Podría usted ser recordado –y puesto como modelo– si formulara su Misión y Visión aplicando estrategias personales ambiciosas. Así lo hicieron Mahatma Gandhi (lograr la independencia de un país en forma pacífica), Jorge Luis Borges (ser el mejor escritor), incluso también, porqué no, San Luis de Francia (ser santo siendo rey) o San Fulano (ser santo siendo directivo y padre de familia). Si una persona nace y “vive” con mentalidad pequeña le pasará como a una empresa, difícilmente llegará a ser Wal-Mart. Si tiene grandes ideales ya habrá dado un primer paso, necesario pero no suficiente, para alcanzarlos. Si no los formulara explícitamente puede venir luego la frustración por no haber alcanzado objetivos que nunca se planteó.

Lamentablemente muchas veces nos quedamos cortos y empobrecemos nuestros objetivos y el servicio que podemos llegar a prestarle a la sociedad.
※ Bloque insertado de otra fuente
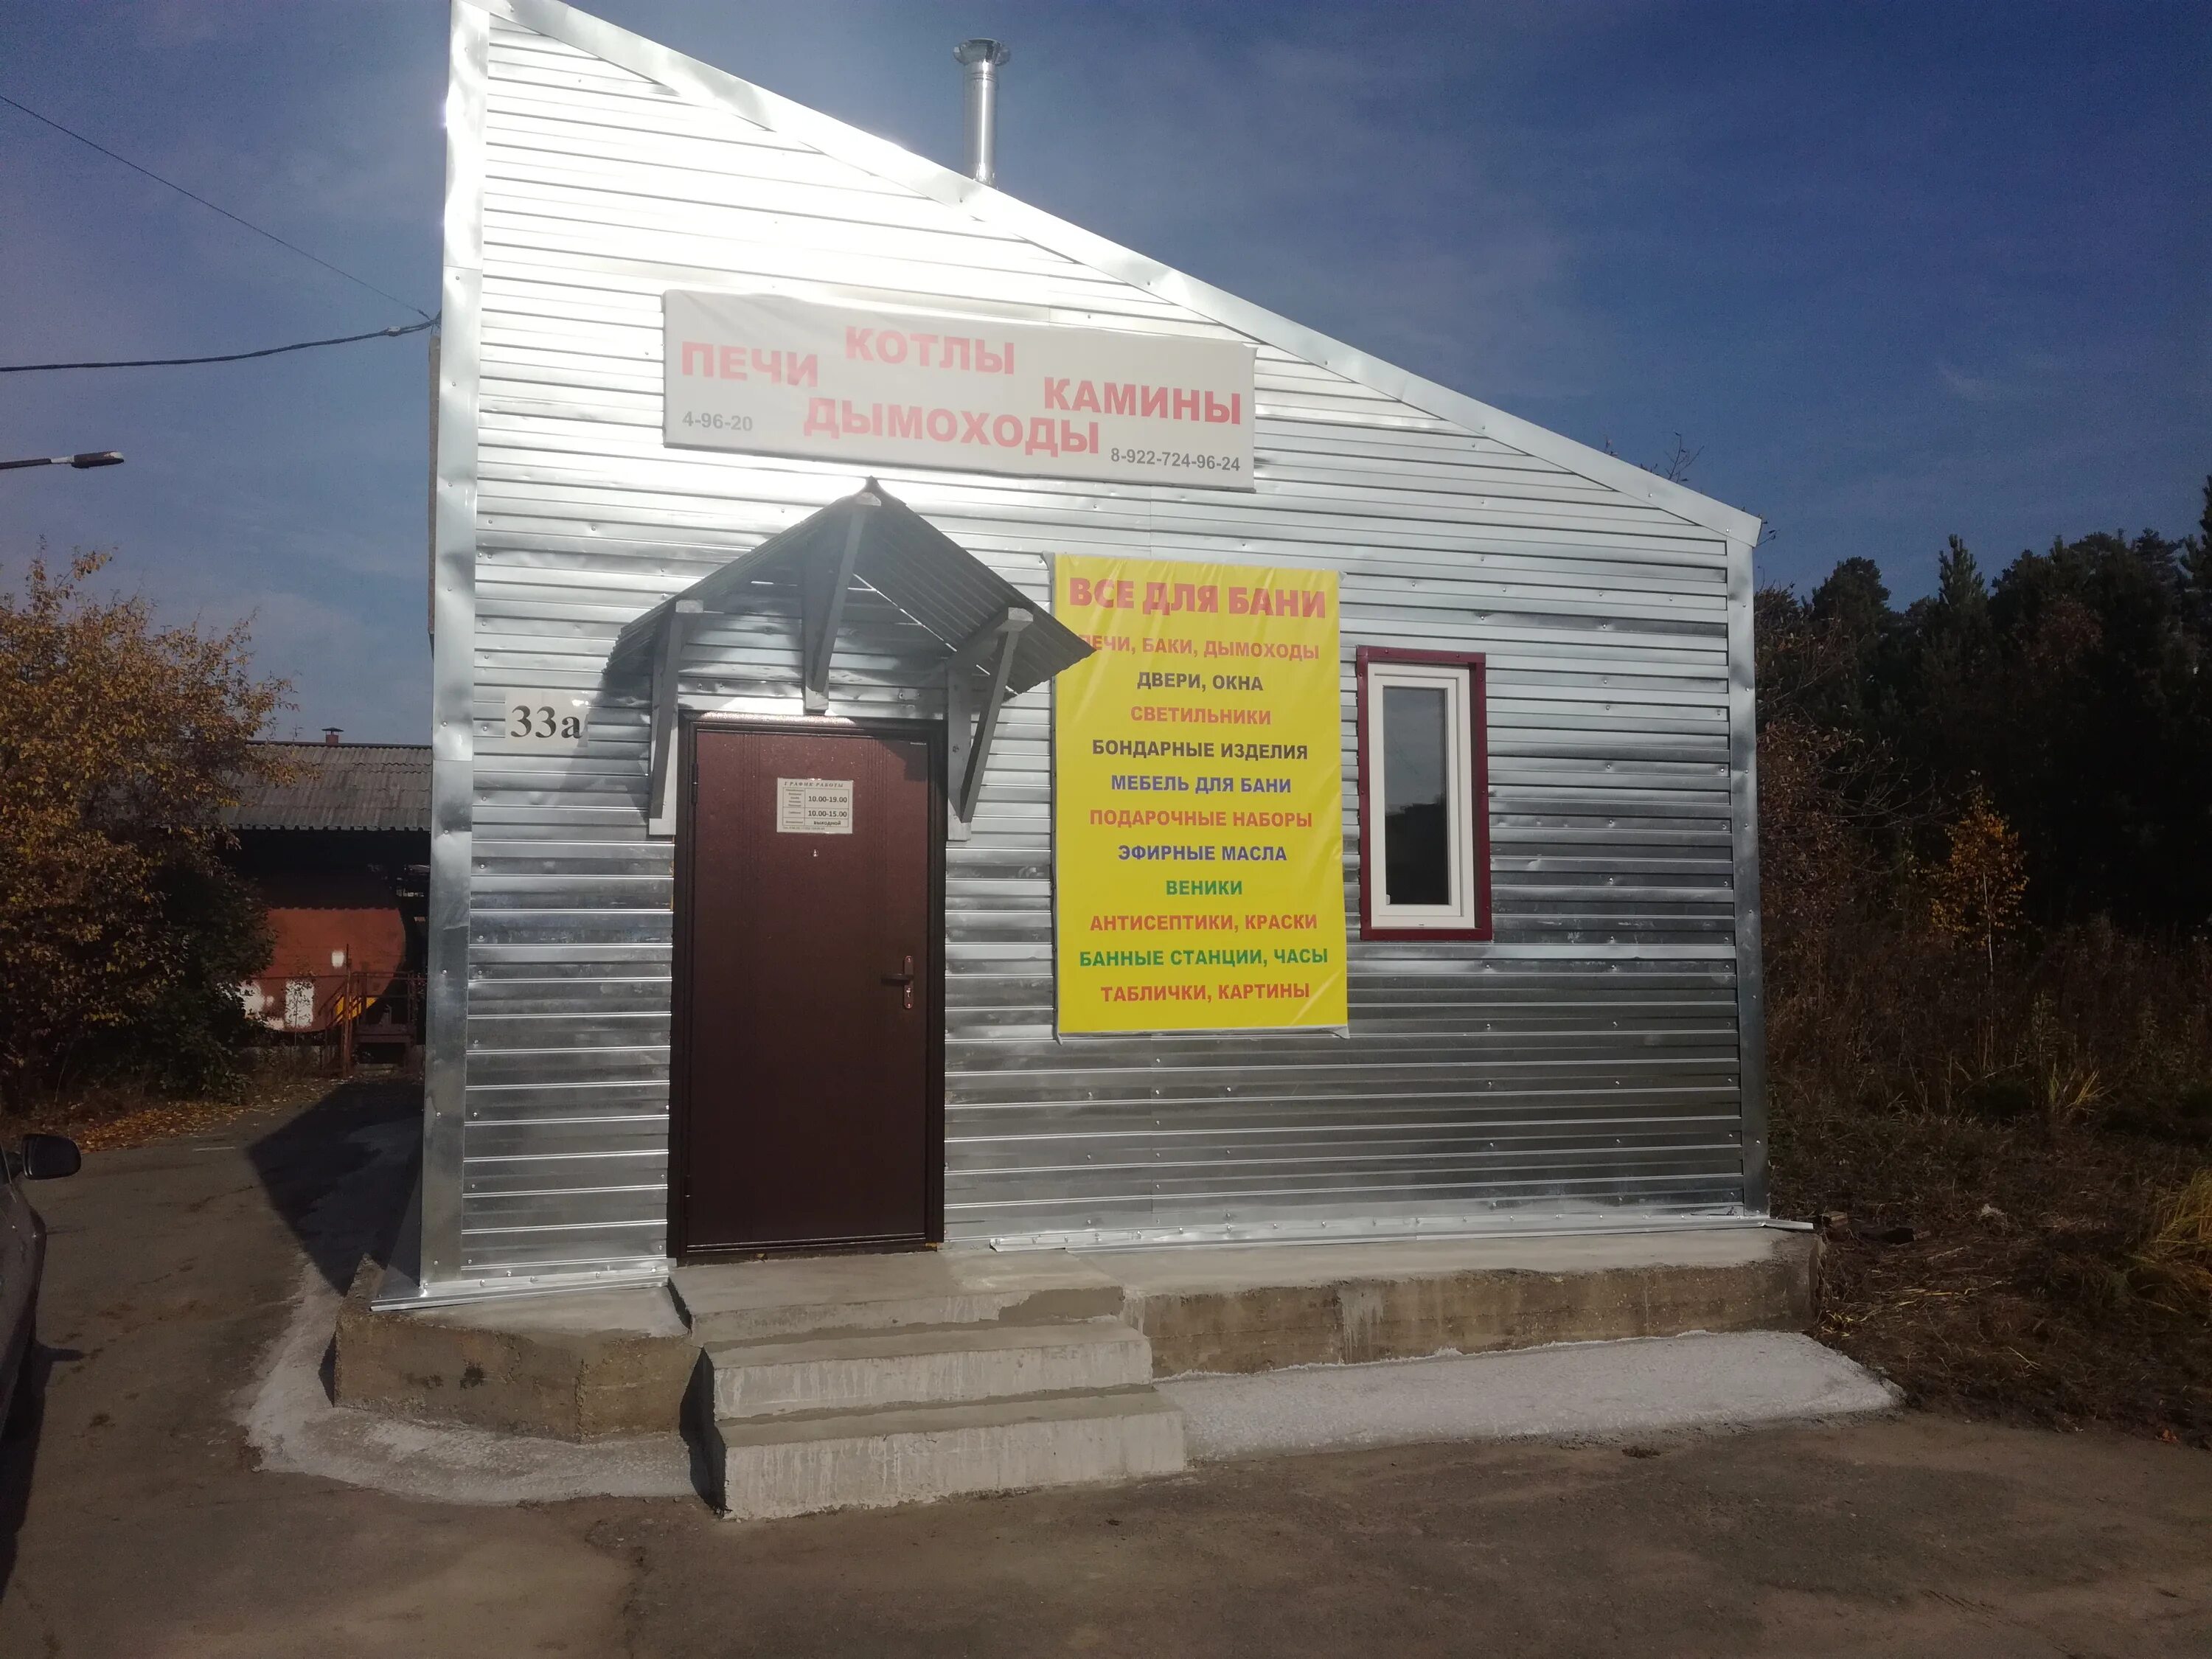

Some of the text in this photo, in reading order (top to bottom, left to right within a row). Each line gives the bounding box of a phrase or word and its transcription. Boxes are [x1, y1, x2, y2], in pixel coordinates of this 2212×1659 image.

[846, 326, 1015, 375] КОТЛЫ
[681, 341, 818, 387] ПЕЧИ
[1044, 376, 1241, 425] КАМИНЫ
[682, 411, 754, 431] 4-96-20
[804, 397, 1099, 456] ДЫМОХОДЫ
[1110, 447, 1240, 472] 8-922-724-96-24
[1070, 577, 1326, 618] ВСЕ ДЛЯ БАНИ
[1143, 639, 1197, 657] БАКИ,
[1204, 640, 1319, 661] ДЫМОХОДЫ
[1137, 672, 1263, 692] ДВЕРИ, ОКНА
[1131, 706, 1271, 725] СВЕТИЛЬНИКИ
[1093, 739, 1307, 761] БОНДАРНЫЕ ИЗДЕЛИЯ
[1112, 774, 1291, 793] МЕБЕЛЬ ДЛЯ БАНИ
[1090, 810, 1312, 828] ПОДАРОЧНЫЕ НАБОРЫ
[1118, 845, 1287, 861] ЭФИРНЫЕ МАСЛА
[1166, 880, 1242, 896] ВЕНИКИ
[1091, 914, 1317, 933] АНТИСЕПТИКИ, КРАСКИ
[1080, 947, 1328, 967] БАННЫЕ СТАНЦИИ, ЧАСЫ
[1102, 983, 1310, 1003] ТАБЛИЧКИ, КАРТИНЫ
Lo más relevante no es que sean altos, sino que sean lo más alto que podemos llegar a dar.

El “serás lo que debas ser o no serás nada” sugiere que es imprescindible monitorear en forma permanente esos objetivos y darse cuenta a priori, en forma racional, que los mismos pueden ser cada vez más difíciles o imposibles de alcanzar, a efectos de superar posibles frustraciones. Si se les preguntara a estudiantes de Economía, por ejemplo, cuántos piensan ser ministros de economía en el futuro, es posible que las respuestas positivas sean superiores que si les efectuara la misma pregunta a economistas de 45 o 50 años.

El tablero de control personal

La metodología parte de definir para una empresa las áreas clave del negocio, que son aquellos temas que el directivo debe monotorear para evitar el fracaso en el largo plazo.
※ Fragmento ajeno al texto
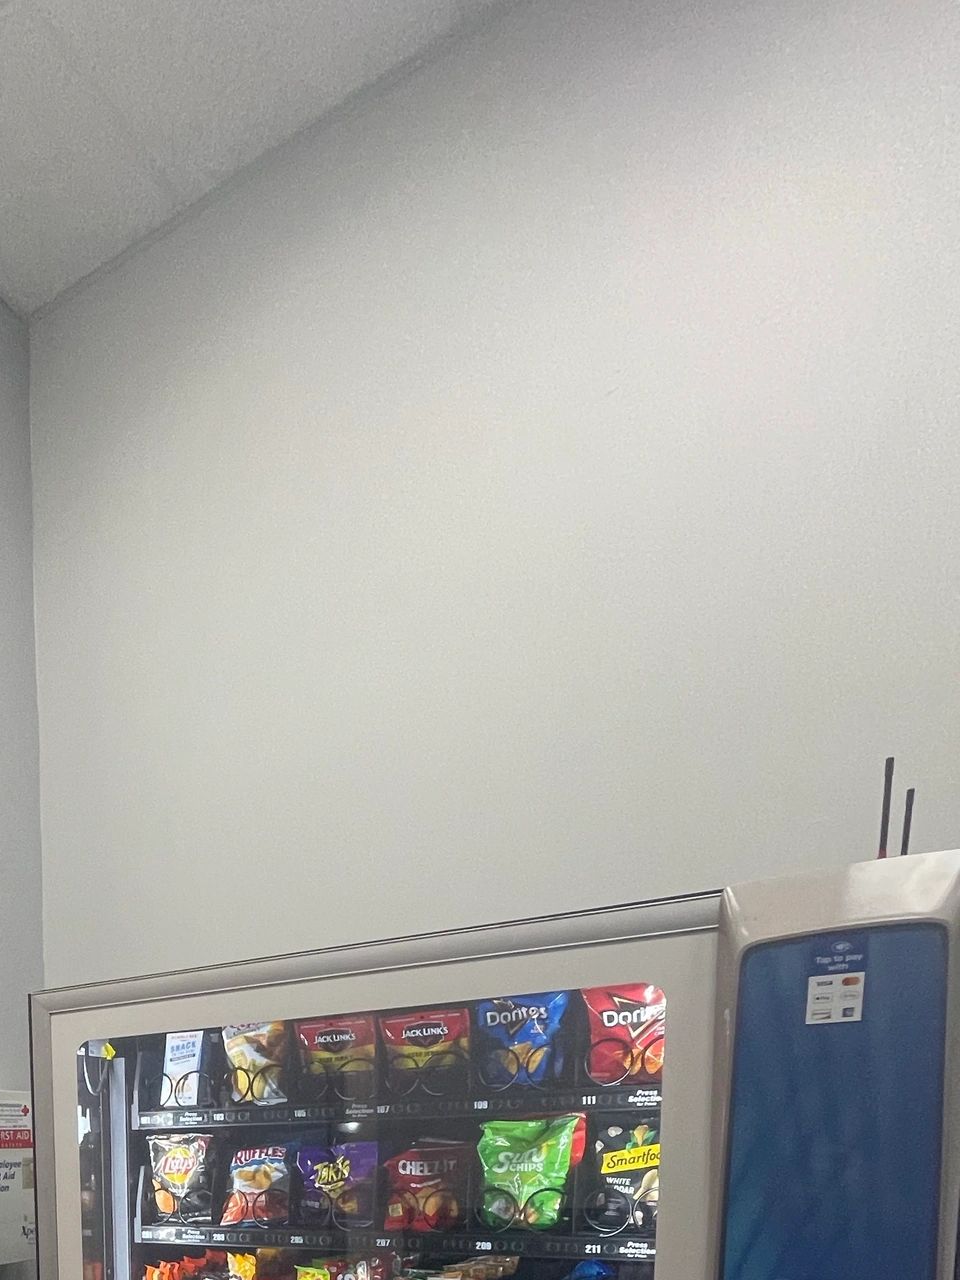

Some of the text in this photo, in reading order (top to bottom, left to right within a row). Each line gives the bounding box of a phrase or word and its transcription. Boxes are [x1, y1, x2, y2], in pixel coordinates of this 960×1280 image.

Trasladando la definición de áreas clave a una vida personal, podría reformularse diciendo que es “aquella cuyo fracaso continuado impediría el progreso de una persona como tal, aún cuando los resultados de las demás áreas clave fueran buenos”. Expresado así es un concepto muy poderoso, por sus implicancias en la vida cotidiana.

Digo “persona como tal” porque es posible la existencia de una persona descuidando un área clave, pero no como persona en pleno sentido. Tal vez un ejemplo ilustre mejor lo que quiero decir: un hombre dedicado exclusivamente a su desarrollo económico-financiero, o a su profesión y que por ello descuide a su familia, o su vida espiritual, o su descanso, está en cierto modo dejando de progresar como persona, y este criterio lo podríamos aplicar a todas las áreas que se definan como claves.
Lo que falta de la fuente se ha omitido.